The name is used in the book C++ FAQs (see below), and is derived from the Peter principle – a theory about incompetence in hierarchical organizations.

== Causes ==

===Loss of conceptual integrity===

The conceptual integrity of software is a measure of how well it conforms to a single, simple set of design principles, according to The Mythical Man Month. When done properly, it provides the most functionality using the simplest idioms. It makes software easier to use by making it simple to create and learn.

Conceptual integrity is achieved when the software’s design proceeds from a small number of agreeing individuals. For software to maintain conceptual integrity, the design must be controlled by a single, small group of people who understand the code (including the nature of how all the subroutines and variables interact) in depth.

In projects without a strong software architecture team, the task of design is often combined with the task of implementation and is implicitly delegated among the individual software developers . Under these circumstances, developers are less likely to sacrifice personal interests in favor of the interests of the product.

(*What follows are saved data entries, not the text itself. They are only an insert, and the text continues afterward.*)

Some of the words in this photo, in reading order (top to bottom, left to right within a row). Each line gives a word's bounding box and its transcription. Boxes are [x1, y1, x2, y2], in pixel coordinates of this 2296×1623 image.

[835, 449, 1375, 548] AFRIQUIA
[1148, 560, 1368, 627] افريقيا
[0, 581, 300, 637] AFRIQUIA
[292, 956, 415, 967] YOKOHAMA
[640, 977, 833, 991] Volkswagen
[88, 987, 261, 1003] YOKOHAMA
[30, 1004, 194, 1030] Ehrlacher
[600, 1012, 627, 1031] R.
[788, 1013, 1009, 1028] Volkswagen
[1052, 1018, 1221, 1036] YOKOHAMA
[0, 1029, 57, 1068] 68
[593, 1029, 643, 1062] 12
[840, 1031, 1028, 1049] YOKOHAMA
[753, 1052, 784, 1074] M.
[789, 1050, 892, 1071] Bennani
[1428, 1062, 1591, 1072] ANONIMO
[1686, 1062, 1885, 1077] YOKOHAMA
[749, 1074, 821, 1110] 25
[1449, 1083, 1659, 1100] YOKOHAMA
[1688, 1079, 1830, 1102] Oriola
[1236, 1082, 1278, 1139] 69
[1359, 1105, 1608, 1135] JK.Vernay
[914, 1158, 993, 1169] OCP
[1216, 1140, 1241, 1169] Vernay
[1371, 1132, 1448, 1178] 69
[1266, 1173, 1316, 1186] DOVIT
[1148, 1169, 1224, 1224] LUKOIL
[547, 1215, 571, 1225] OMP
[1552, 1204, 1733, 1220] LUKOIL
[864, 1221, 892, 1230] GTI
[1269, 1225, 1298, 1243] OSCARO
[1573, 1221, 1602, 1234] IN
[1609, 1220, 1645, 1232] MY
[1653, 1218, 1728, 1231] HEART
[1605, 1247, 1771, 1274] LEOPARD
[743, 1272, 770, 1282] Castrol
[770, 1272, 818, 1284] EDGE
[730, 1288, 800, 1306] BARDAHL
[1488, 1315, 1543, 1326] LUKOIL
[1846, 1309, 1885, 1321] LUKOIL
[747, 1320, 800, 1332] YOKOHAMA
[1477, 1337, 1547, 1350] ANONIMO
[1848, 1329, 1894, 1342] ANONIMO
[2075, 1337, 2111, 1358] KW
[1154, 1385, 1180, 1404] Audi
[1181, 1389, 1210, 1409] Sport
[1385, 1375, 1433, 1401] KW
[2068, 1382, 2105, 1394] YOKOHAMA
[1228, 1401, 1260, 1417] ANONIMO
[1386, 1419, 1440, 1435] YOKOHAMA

The complexity of the product grows as a result of developers adding new designs and altering earlier ones to reflect changes in fashion and individual taste.

===Programmer incompetence===

Good software developers understand the importance of communicating with people over communicating with the computer, according to Code Complete. Studies showed that programmers spends more than 50% of their time communicating with people, while the actual programming may only take up as little as 15% to 10%, depending on the level of seniority.

Maintenance programmers spend 50 to 60 percent of their time trying to understand the code they have to maintain and a software program will have, on average, 10 generations of maintenance programmers in its lifetime.

===Programmer inexperience===

Programmers sometimes make implementation choices that work but have unintended negative consequences. The most common of these mistakes are cataloged and referred to as smells in the book Refactoring. Over time, many such implementation choices degrade the software’s design, making it increasingly difficult to understand.

==See also==
- Anti-patterns
- Death march (project management)
- Greenspun's tenth rule
- Project management
- Software development process
- Obfuscation (software)

==Literature==
- Brooks, Frederick P. (2013). "The mythical man-month: essays on software engineering"
- Cline, Marshall P. (2010). "C++ FAQs"
- Fowler, Martin (2013). "Refactoring: improving the design of existing code"
- Grams, Chris (2019). "How Much Time Do Developers Spend Actually Writing Code?"
- McConnell, Steve (2004). "Code complete"
- Rodenas, David (2022). "Developers Spend Less Than 10% of Time Coding"
- Sullivan, S. L. (1988). "How much time do software professionals spend communicating?"
- "Software developers: how much time do you actually spend actually writing code compared with other tasks at work?" (2022)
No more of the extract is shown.